Loebl Tsafrir, Angarita Gustavo A, Pachas Gladys N, Huang Kai-Lin, Lee Sang H, Nino Johanna, Logvinenko Tanya, Culhane Melissa A, Evins A Eden
Center for Addiction Medicine of the Department of Psychiatry and the Biostatistics Center of Massachusetts General Hospital, Harvard Medical School, Boston, Mass. 02114, USA.
J Clin Psychiatry. 2008 Mar;69(3):480-6. doi: 10.4088/jcp.v69n0321.
There is no approved pharmaco-therapy for cocaine dependence.

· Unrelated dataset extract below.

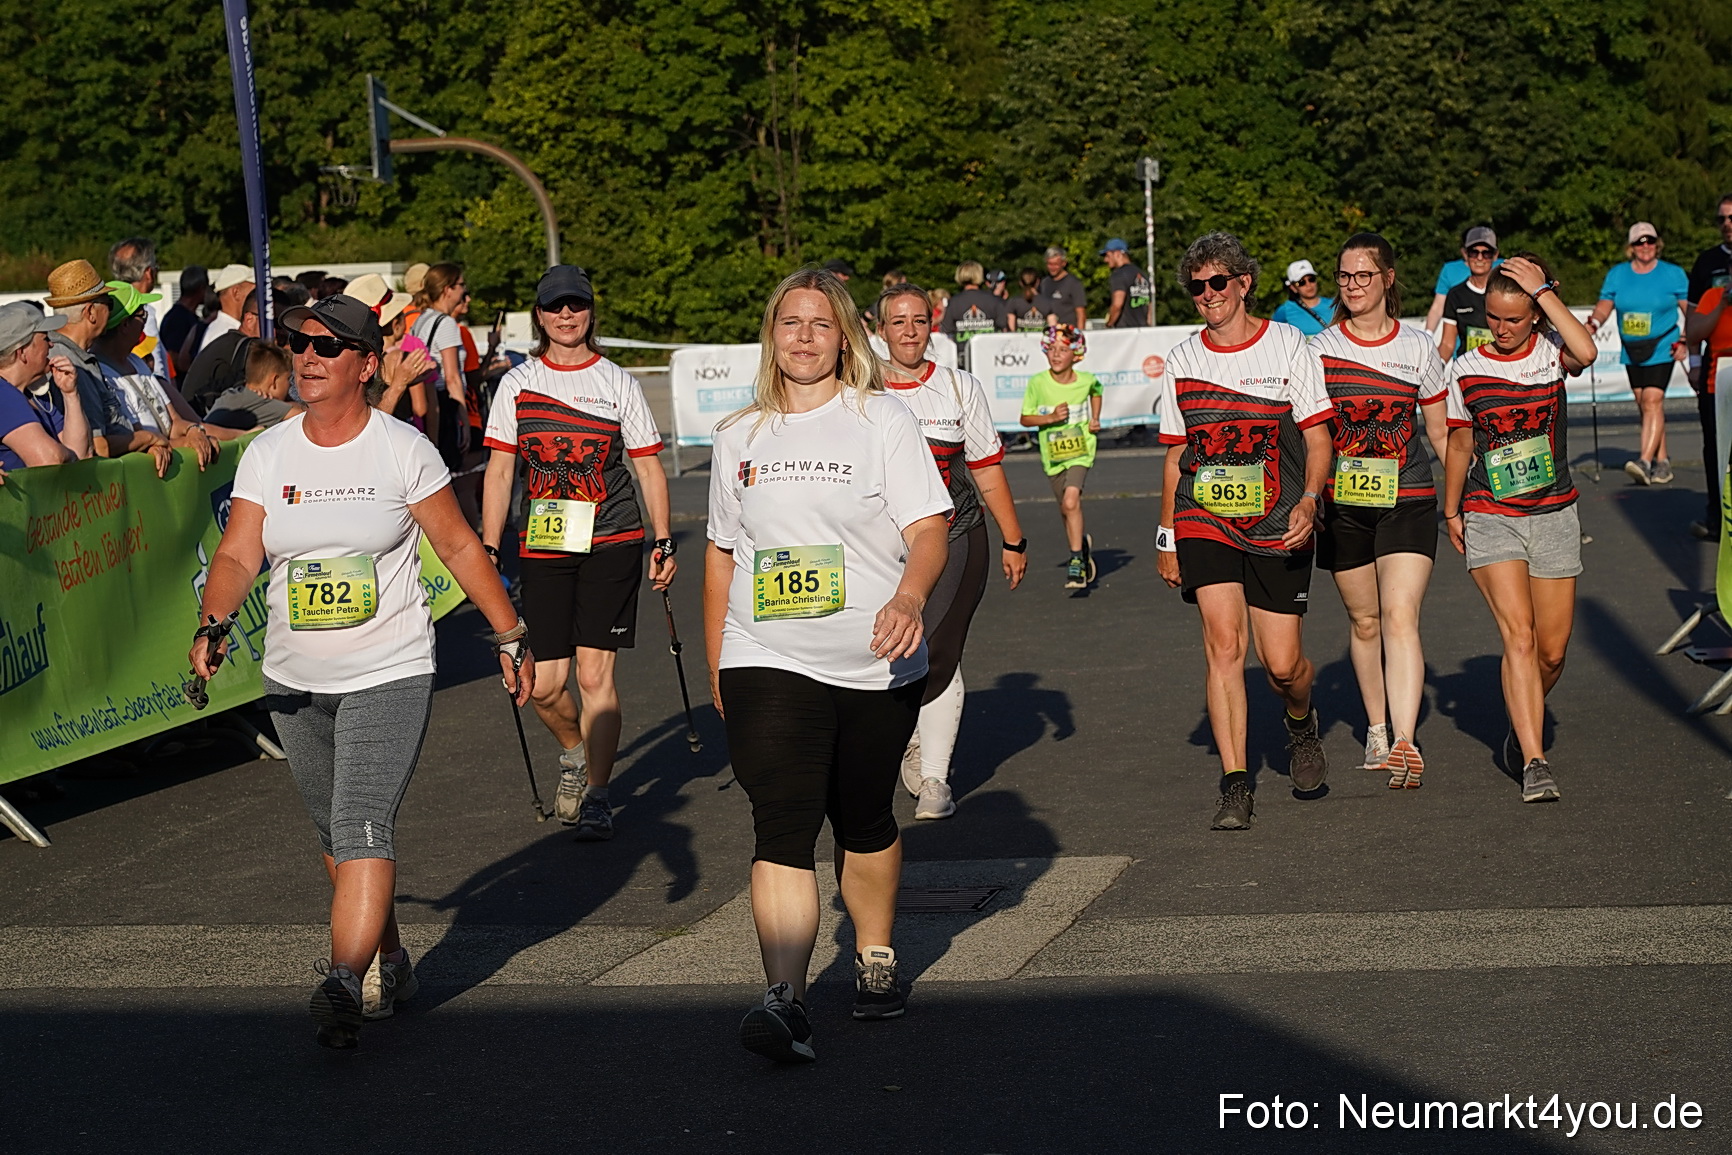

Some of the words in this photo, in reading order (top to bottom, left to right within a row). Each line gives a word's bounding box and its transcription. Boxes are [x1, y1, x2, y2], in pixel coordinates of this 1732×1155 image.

Risperidone is an atypical antipsychotic drug with combined dopamine-2/serotonin-2 (D(2)/5-HT(2)) antagonist activity that has been effective in reducing cocaine use in some animal studies. We tested the efficacy of a long-acting, injectable preparation of risperidone on cocaine use in active cocaine users.

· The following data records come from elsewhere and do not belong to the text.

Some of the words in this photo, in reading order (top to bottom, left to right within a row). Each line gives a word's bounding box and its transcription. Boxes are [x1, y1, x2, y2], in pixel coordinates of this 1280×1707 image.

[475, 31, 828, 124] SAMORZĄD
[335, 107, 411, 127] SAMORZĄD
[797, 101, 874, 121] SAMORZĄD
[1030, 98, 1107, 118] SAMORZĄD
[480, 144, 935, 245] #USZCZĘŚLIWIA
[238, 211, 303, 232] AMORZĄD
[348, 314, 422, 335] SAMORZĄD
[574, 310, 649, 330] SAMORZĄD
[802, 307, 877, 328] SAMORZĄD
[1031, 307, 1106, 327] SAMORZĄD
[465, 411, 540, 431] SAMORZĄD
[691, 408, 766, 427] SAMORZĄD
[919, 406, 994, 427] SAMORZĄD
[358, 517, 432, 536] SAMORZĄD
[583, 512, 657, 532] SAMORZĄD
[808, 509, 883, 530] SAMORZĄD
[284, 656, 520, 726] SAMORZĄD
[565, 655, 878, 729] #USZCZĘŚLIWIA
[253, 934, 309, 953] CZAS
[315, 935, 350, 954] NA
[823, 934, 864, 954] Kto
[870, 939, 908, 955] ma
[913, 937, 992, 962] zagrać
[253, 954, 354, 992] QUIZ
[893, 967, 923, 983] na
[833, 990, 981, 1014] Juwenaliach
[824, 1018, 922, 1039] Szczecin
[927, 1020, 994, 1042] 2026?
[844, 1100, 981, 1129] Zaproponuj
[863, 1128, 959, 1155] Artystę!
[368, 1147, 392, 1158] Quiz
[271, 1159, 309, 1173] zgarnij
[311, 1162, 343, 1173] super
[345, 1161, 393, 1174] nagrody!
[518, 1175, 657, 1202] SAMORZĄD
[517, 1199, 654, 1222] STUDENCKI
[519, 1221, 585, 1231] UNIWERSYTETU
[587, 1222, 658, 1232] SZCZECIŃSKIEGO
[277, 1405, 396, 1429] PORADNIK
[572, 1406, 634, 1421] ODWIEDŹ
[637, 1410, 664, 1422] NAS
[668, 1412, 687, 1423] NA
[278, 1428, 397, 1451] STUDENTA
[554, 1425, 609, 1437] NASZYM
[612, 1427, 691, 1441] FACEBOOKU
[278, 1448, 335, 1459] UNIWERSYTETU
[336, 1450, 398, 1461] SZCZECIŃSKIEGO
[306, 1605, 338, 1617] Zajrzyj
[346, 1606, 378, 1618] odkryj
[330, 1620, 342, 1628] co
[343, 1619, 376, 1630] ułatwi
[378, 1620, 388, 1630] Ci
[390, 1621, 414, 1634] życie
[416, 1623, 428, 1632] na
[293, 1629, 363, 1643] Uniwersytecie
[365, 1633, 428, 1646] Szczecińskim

Thirty-one cocaine-dependent men who met DSM-IV diagnostic criteria for current cocaine dependence entered a 12-week, randomized, double-blind, placebo-controlled trial of intramuscular risperidone, 25 mg every other week. The primary outcome measure was cocaine use as measured by urinary concentration of cocaine metabolites. Secondary outcomes were self-report of cocaine use and craving, depressive symptoms as measured by the Hamilton Rating Scale for Depression (HAM-D), and adverse events. Participants were recruited during a 12-month period from October 2005 to September 2006.
Both groups reduced their cocaine use during the study. There were no between-group differences in the primary measure of cocaine use (urinary metabolites [F = 0.7, p = .41]) or on craving measures. Those assigned to risperi-done reported significantly worsened depressive symptoms (mean +/- SD HAM-D change scores: +7.4 +/- 8.8 vs. -2.3 +/- 5.8, respectively, F = 7.5, p = .018) and gained significantly more weight (mean weight change: +6.3 +/- 9.4 lb vs. -4.0 +/- 8.9 lb, respectively, F = 4.65, p = .044) than those assigned to placebo.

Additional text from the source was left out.